Temps d'adaptation
Il est arrivé hier des Etats-Unis. Il a la démarche dégingandée de l'ado trop grand avec des bras dont il ne sait que faire. Lentement, il entre d'un pas chaloupé dans la chambre de sa mère, un sac en plastique avec son pique-nique dans une main, ses écouteurs dans l'autre. Un visage souriant, un catogan, des yeux clairs, il semble venu d'ailleurs.
Je suis auprès de sa mère en présence silencieuse depuis déjà quelque temps. Elle a une respiration calme, les yeux clos, et je ne perçois aucun changement à l'arrivée de son fils.
Je me lève pour accueillir son fils et lui propose de s'assoir près de sa mère, mais il décline sans hésiter et commence une conversation qui me destabilise ; Il veut tout savoir des bénévoles, pourquoi nous faisons ça, combien nous sommes, si j'ai vu des gens mourir, comment ça se passe...

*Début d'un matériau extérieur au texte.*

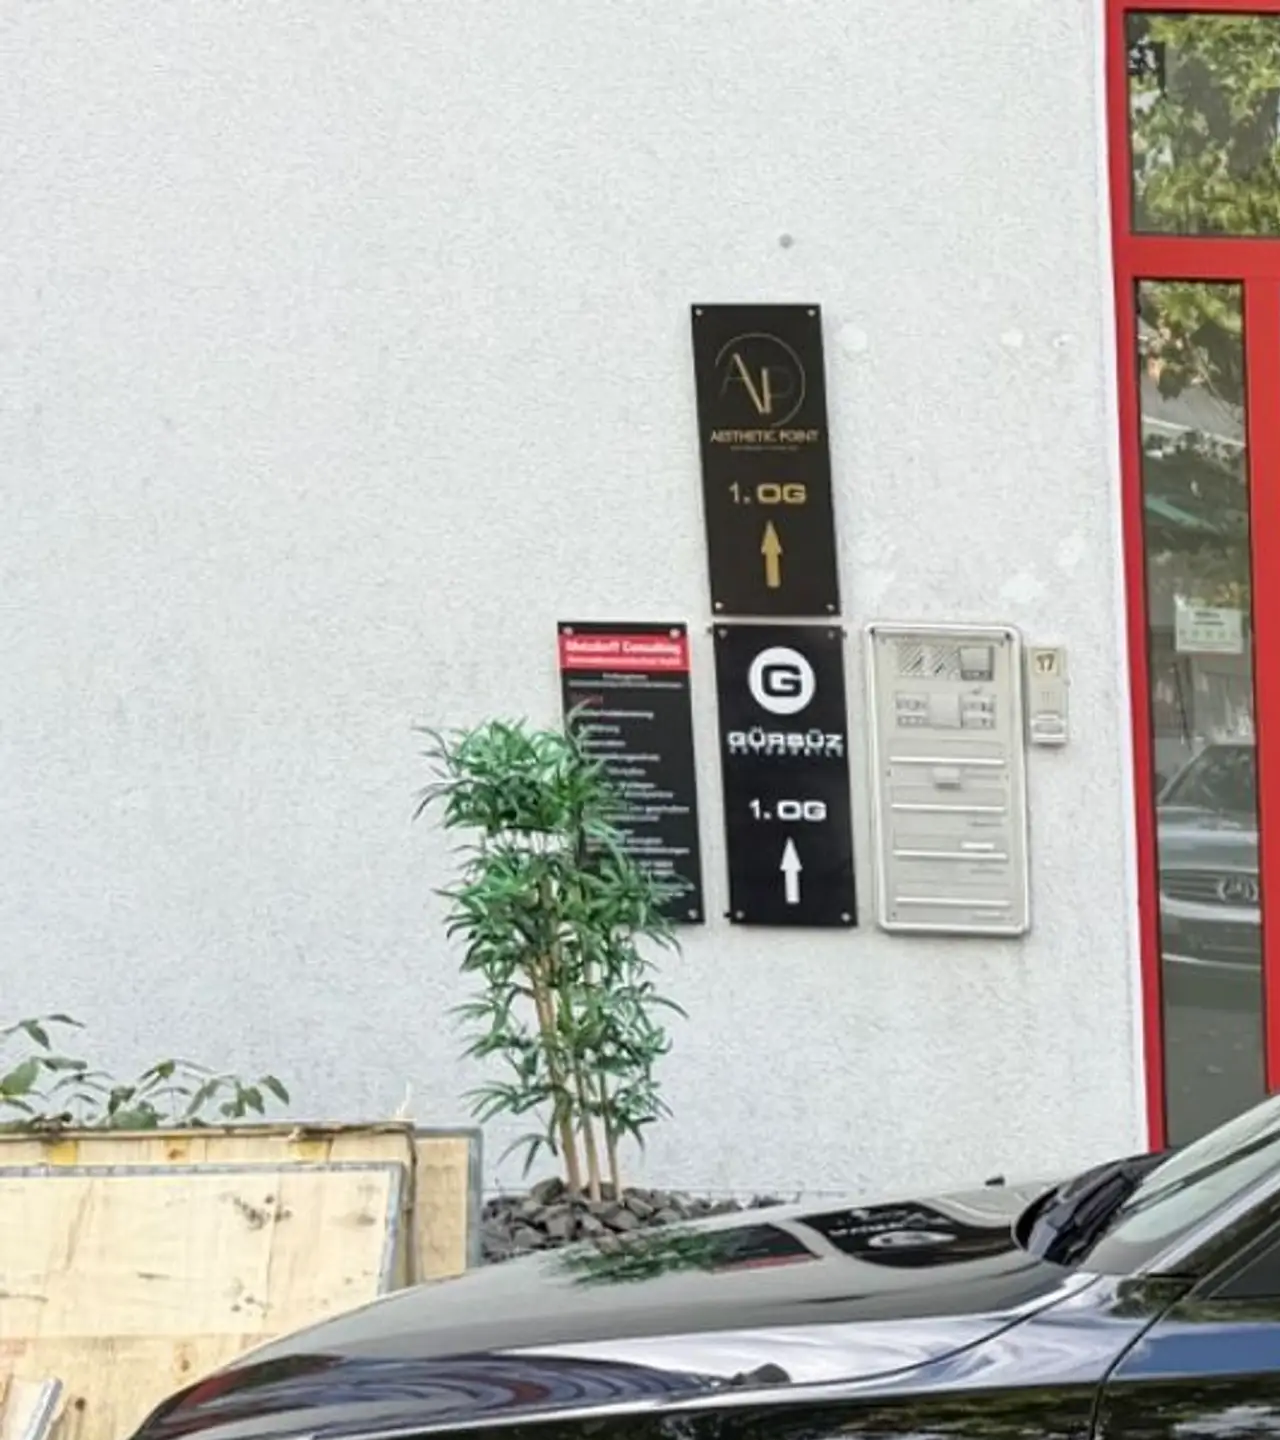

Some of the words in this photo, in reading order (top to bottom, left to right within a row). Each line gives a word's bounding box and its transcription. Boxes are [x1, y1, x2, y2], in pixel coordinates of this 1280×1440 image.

A côté de nous je sais sa mère dans un état très précaire, mais j’ignore ce qu’elle entend ou ressent. J'attends le moment où son fils va enfin lui dire bonjour, et la regarder. Mais rien ne vient.
- Vous pensez que je dois lui parler de la mort ? Vous en parlez avec eux ? vous devez savoir depuis le temps, vous avez l'habitude. Moi ça va je n’ai pas de problème avec ça mais elle, je ne sais pas si elle veut en parler. Ca fait longtemps qu'on n'a pas parlé tous les deux.
Je suis mal à l'aise de cet échange qui ne tient pas compte de la malade. Je n'arrive pas à le recentrer sur sa mère ; je tente de le sensibiliser à l'existence du lien qui demeure. De l'importance de parler, de dire. De rester dans la relation telle qu'elle a toujours été, d'être en vérité.
Debout au pied du lit il n'a toujours pas regardé sa mère. Je comprends qu'il ne peut pas, qu'il n'y arrive pas. Il continue sur le registre de l'expérimentation
- Vous croyez qu'on peut la mettre dans une piscine ?
Je regarde sa mère, si faible, si proche de la mort, et je suis désarmée par cette question.
- j'ai vu de émissions là-dessus. On les met dans un hamac et on les plonge dans une piscine ; et ça leur fait du bien.
Il enchaine - je vais voir les infirmières - et me laisse au chevet de sa mère.
A sa sortie, je me recentre sur elle et lui parle doucement :
- Votre fils vient d'arriver ; il a apporté son diner pour rester près de vous.
Madame N. ouvre très lentement les yeux et regarde autour d'elle. Je souffre à l'idée qu'elle a pu entendre cet échange que j'ai eu avec son fils ; ce temps passé pendant lequel il n'a pas fait un geste vers elle, ne lui a pas parlé.
Je lui précise qu'il est allé parler aux soignants et qu'il va revenir.
Madame N. ferme les yeux.
Dehors le fils parle avec une infirmière. Je n'entends pas ce qui se dit mais le temps me semble beaucoup trop long. j'ai peur que madame N. parte maintenant, sans avoir son fils à ses côtés. Elle ouvre à nouveau les yeux et tourne la tête vers la porte. J'ai besoin de la rassurer :
- il va arriver ;
Après quelques minutes qui me paraissent interminables, il rentre à nouveau dans la chambre, et accepte la chaise que je lui propose à côté de sa mère. Enfin il pose son regard sur elle. Un regard doux et chaleureux qui me fait du bien Il est prêt à l’accompagner. Il avait besoin de ce temps pour trouver sa place. Sa mère a les yeux fermés, elle respire doucement.
Je peux les laisser tous les deux pour vivre ces derniers moments. Dehors, les soignants auront à cœur de l’entourer lui aussi.